Each summer for years, Linda and her mother had been going to Highlands, North Carolina, to participate in a week long oriental flower arranging seminar at the Stone Lantern, an oriental shop established and owned by Ralph DeVille more than half a century ago. And they were heading off to that, returning the Sunday before our departure for Florida. Joe was in the Army, Malinda was working at a nursing home in Harrisburg and not moving to Florida with us. It would be Linda and me and Tass, who was twelve at the time and looking forward to seventh grade at Apalachicola High School (grades 7 through 12).
We had had an interesting search process. One parish in the eastern end of our Pennsylvania diocese had called us, and they and we had been looking forward to our moving to Mount Joy and settling into their rectory, a quaint stone house next to the charming old stone church. Anticipating our arrival, they had made all sorts of kind arrangements for us, including for Tass at their school, and were devastated when we turned down their call. But I had to come home to Florida and, when the opportunity rose, could not decline the call to Trinity, Apalachicola.
What was on my mind this morning, for some reason, was the search process with another church in our Diocese of Central Pennsylvania, over on the western side of the diocese. We had been to visit those folks and look at their church, a lovely, ornate Anglo-Catholic, high church parish. Adjacent to the church and joined to it as part of the large structure, the rectory had no yard or garden, but fronted right on the sidewalk. It had been common, not at all unusual, for the rector or a member of his family, upon coming downstairs early in the morning, to find that a vagabond, many different ones over the years, had raised the living room window, climbed inside, and was asleep on the sofa. How those men knew that this was acceptable at this particular house, is beyond me; they apparently have a communication system of their own that far pre-dates the computer age. 

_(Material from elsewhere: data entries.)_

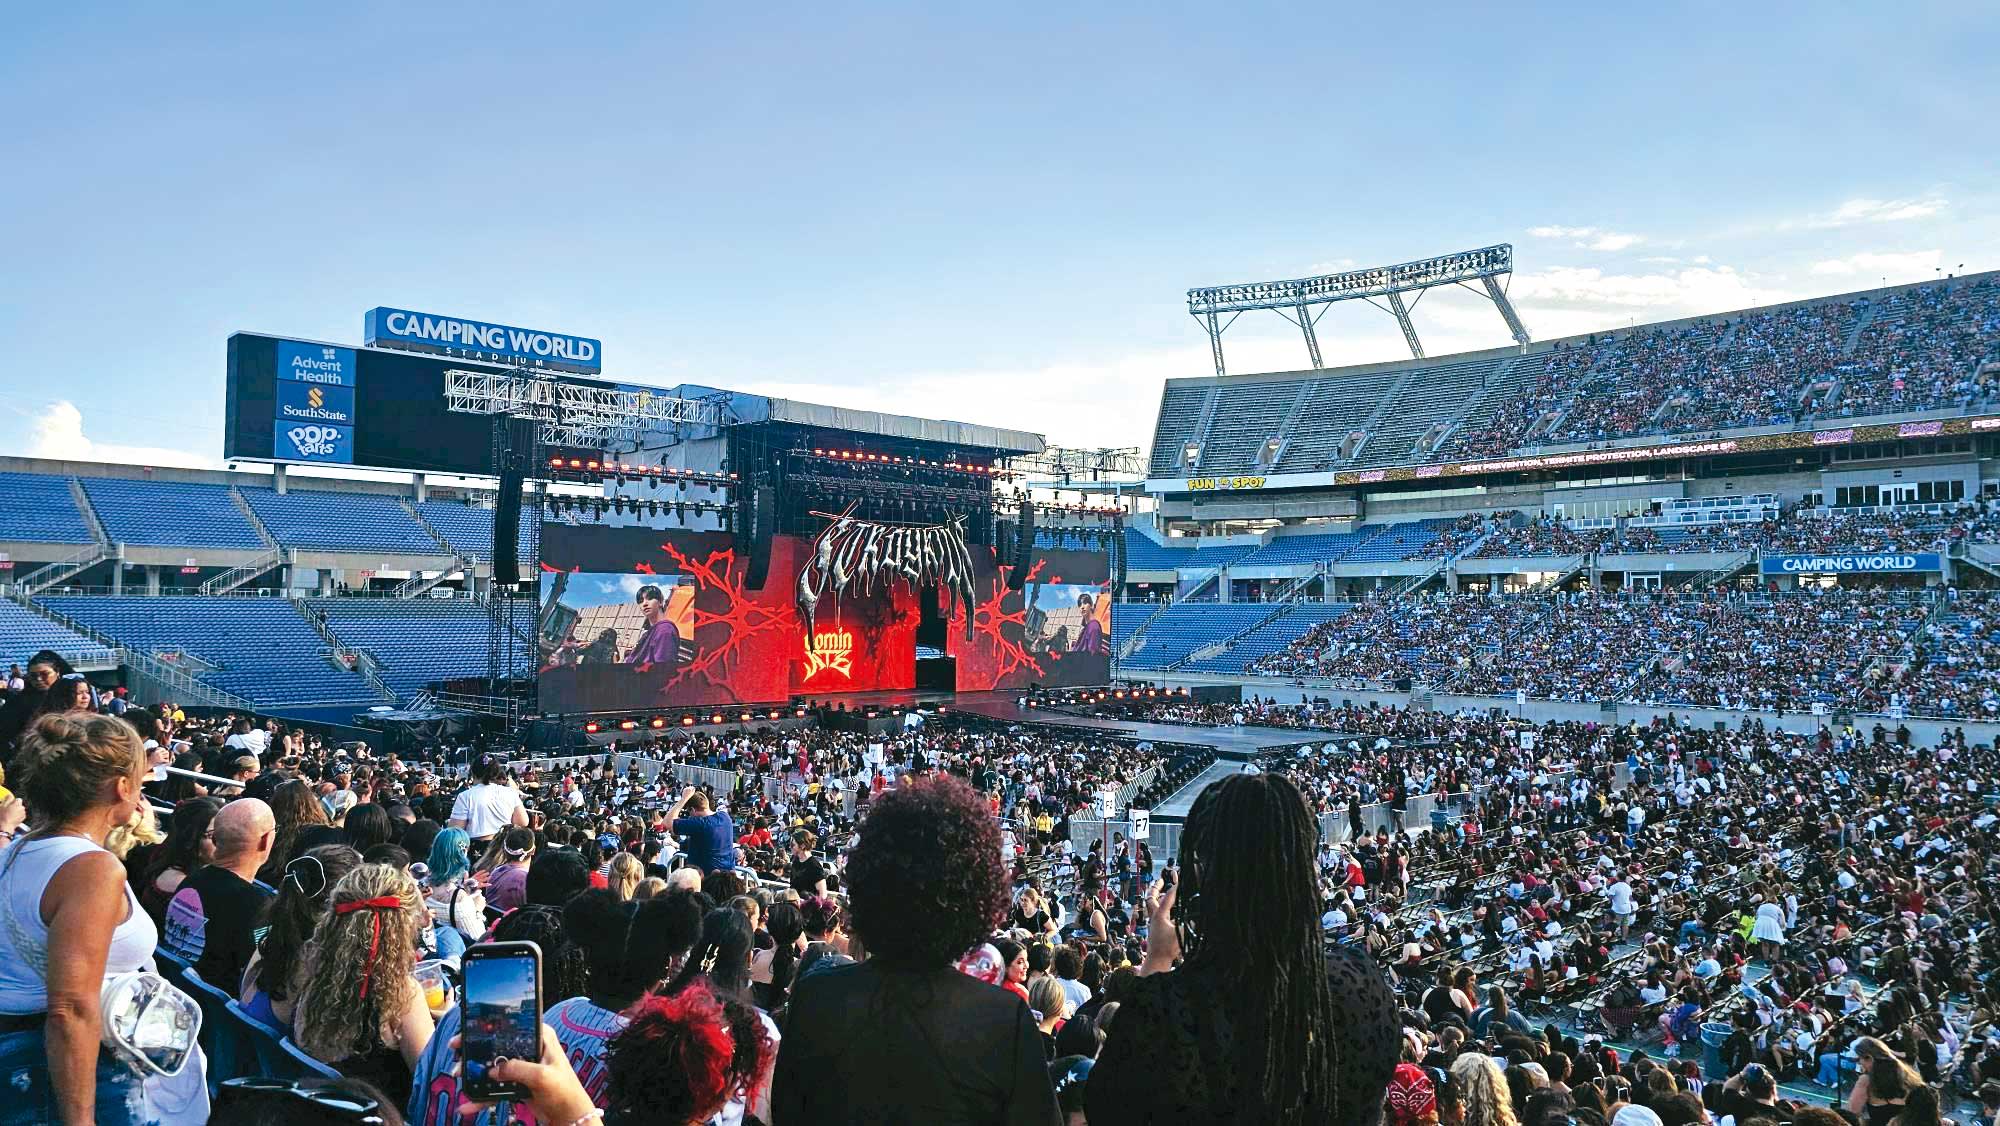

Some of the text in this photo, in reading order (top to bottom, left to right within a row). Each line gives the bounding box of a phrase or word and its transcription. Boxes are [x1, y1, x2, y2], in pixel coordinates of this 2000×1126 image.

[386, 312, 595, 361] CAMPING WORLD
[292, 356, 342, 371] Advent
[445, 347, 543, 367] STADIUM
[295, 369, 342, 384] Health
[283, 405, 346, 420] SouthState
[1543, 455, 1585, 464] TERMITE
[1586, 450, 1652, 461] PROTECTION,
[1654, 444, 1719, 456] LANDSCAPE
[1188, 477, 1266, 490] FUN SPOT
[1782, 556, 1916, 571] CAMPING WORLD
[1136, 818, 1148, 832] F7
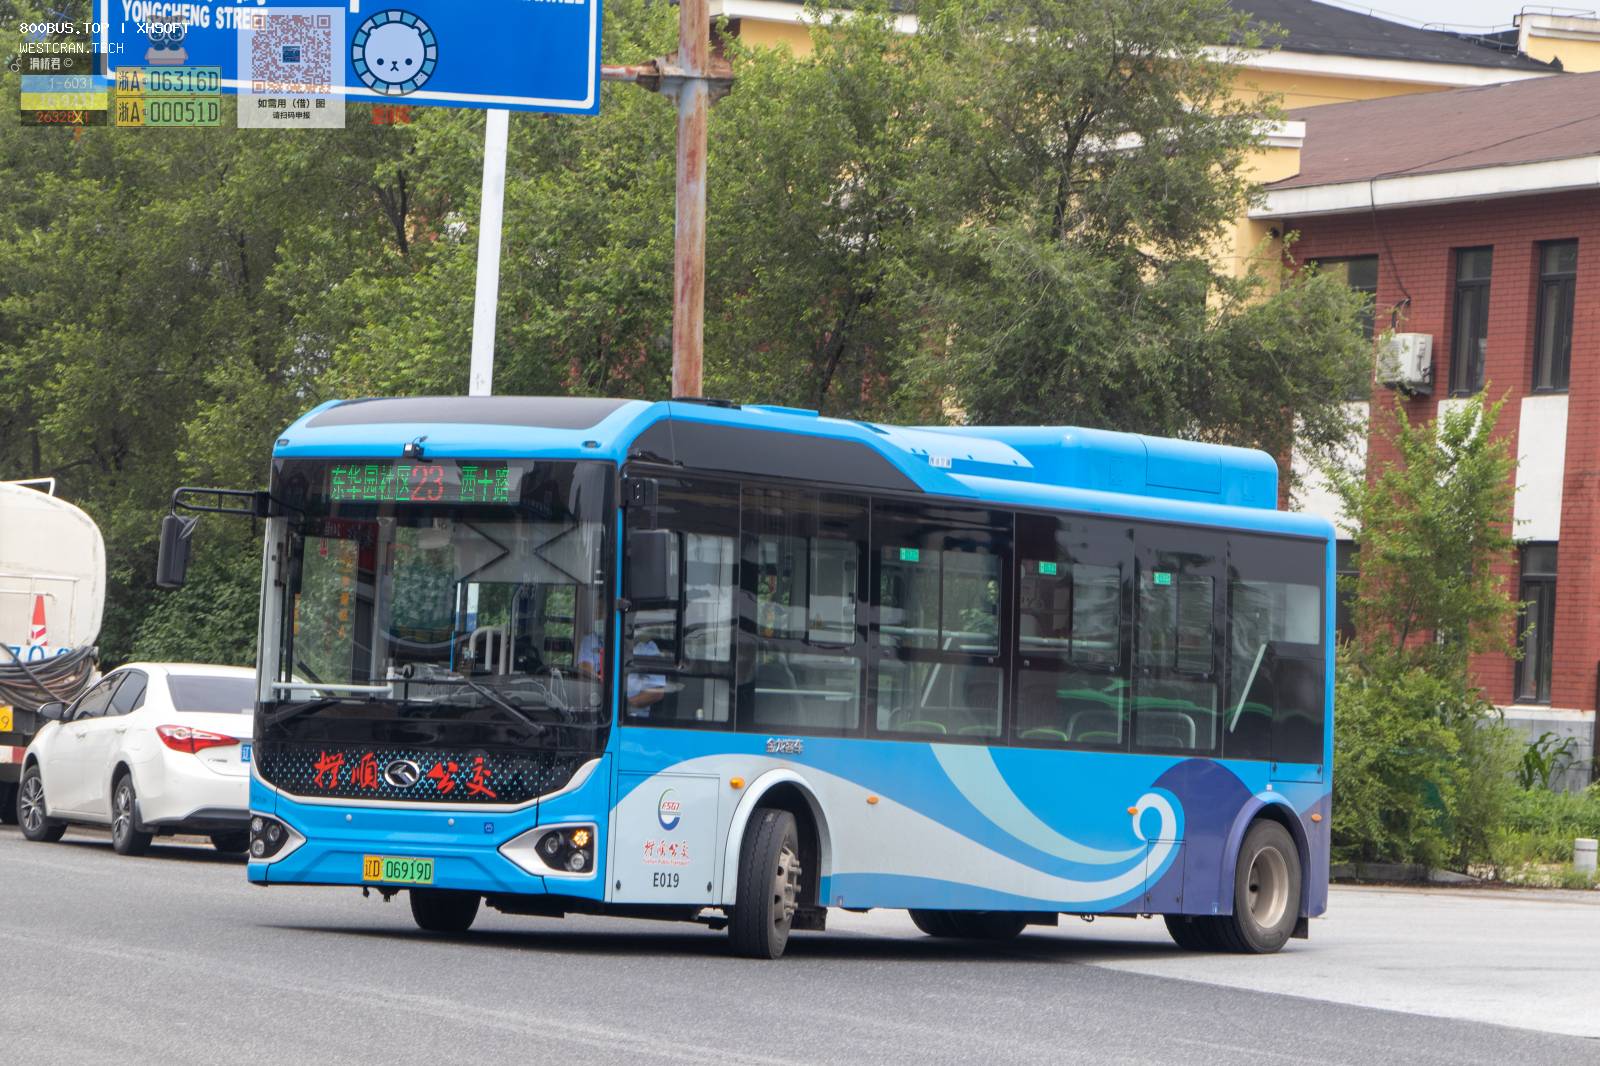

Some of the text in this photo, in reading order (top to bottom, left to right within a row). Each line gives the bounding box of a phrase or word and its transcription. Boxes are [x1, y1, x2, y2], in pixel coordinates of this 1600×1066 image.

[122, 0, 210, 28] YONGCHENG
[411, 465, 445, 501] 23
[427, 757, 497, 799] 公交
[386, 860, 432, 881] 06919D
[653, 872, 680, 888] E019
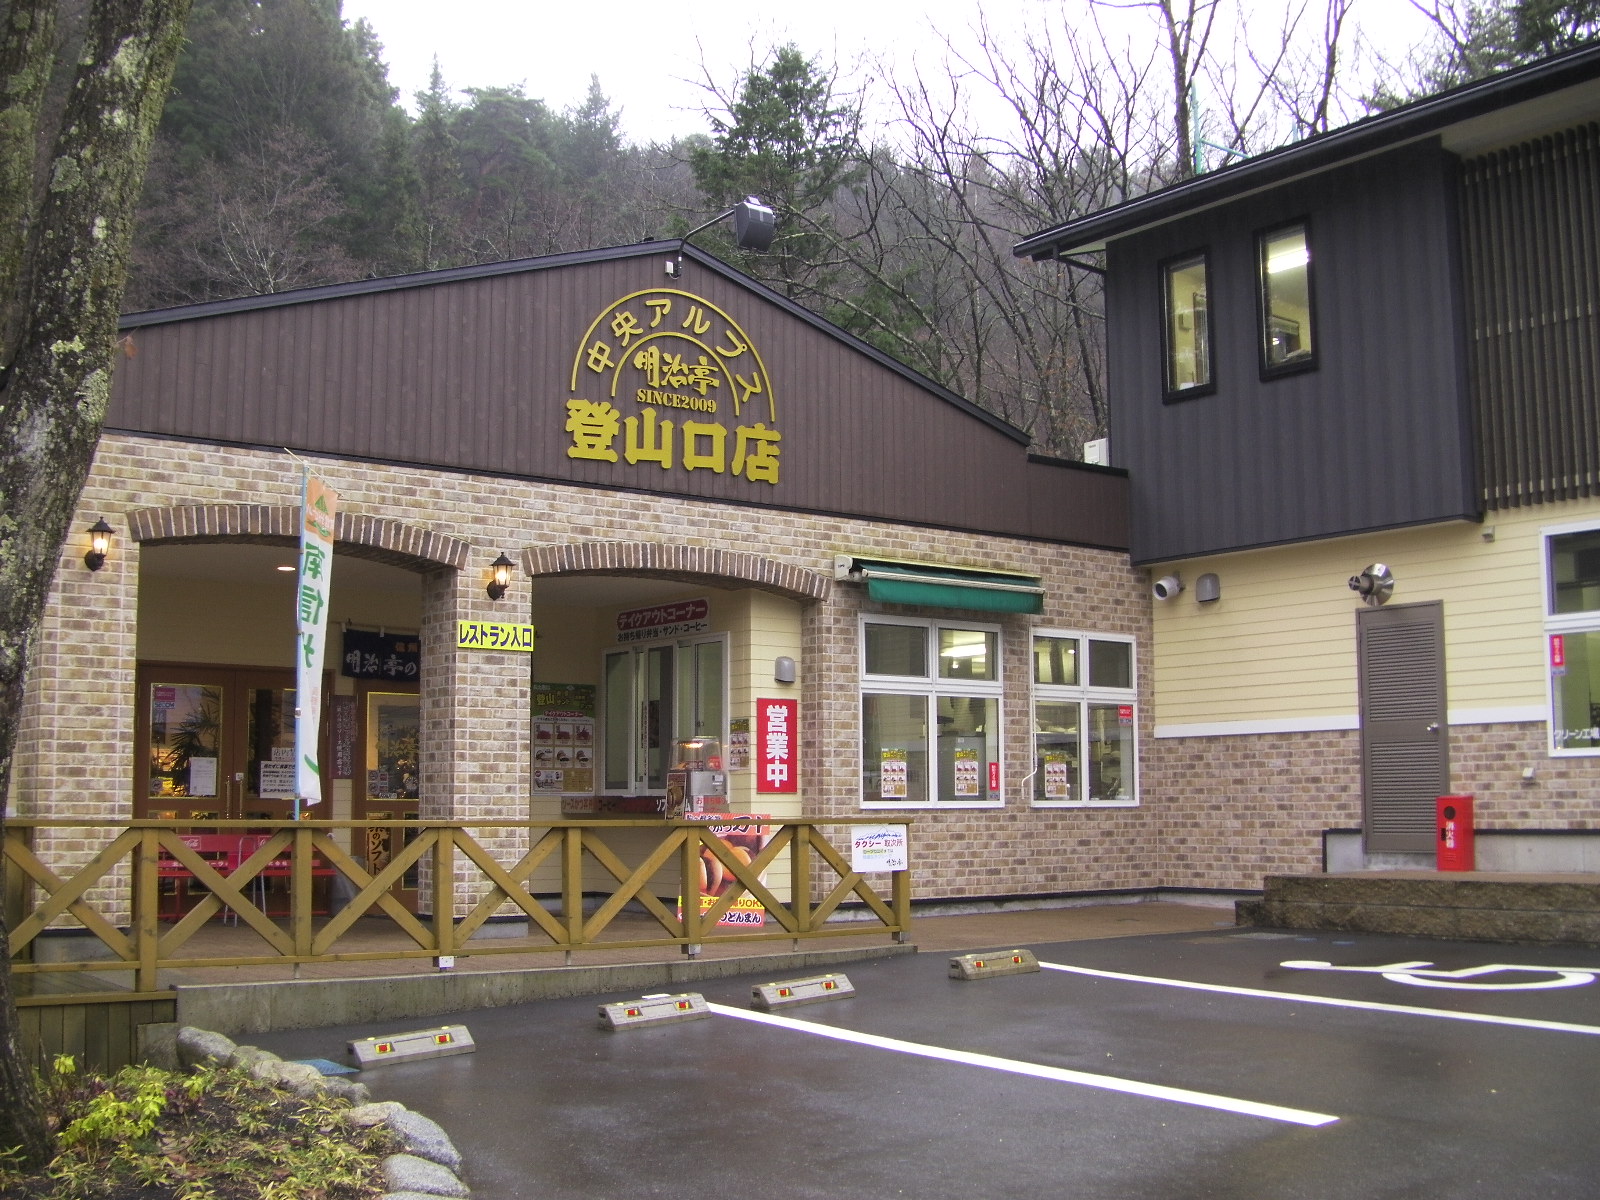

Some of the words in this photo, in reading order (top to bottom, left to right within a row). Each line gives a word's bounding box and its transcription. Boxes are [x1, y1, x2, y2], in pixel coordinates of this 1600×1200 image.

[587, 298, 762, 404] 中央アルプス
[633, 345, 720, 396] 明治亭
[636, 388, 717, 414] SINCE2009
[565, 398, 782, 485] 登山口店
[618, 603, 707, 629] テイクアウトコーナー
[459, 624, 533, 649] レストラン入口
[345, 649, 417, 677] 明治亭の
[766, 704, 789, 788] 営業中
[854, 840, 882, 849] タクシー
[884, 838, 904, 848] 取次所
[1445, 821, 1455, 849] 消火器

We never had a chance to find out though. On the following Sunday, their vestry and search committee came to our parish, Mount Calvary, to hear me preach (a regular part of the search process), I wasn’t the Celebrant for the Eucharist that morning: assisting the Celebrant, I served the chalice. The head of the search committee, who was also the Senior Warden, was wearing a frilly white blouse. She sipped from the chalice, handed it back to me, and I dropped it, spilling a full chalice of port wine all down the front of her blouse.

Definitely not parapraxis, a Freudian slip on my part, it may have been the work of the Devil; but I like to think it was the hand of the Lord. In any event, they turned me down and called another priest to be their rector. We declined the kind folks at St. Luke's Episcopal Church, Mount Joy, and headed home to Florida.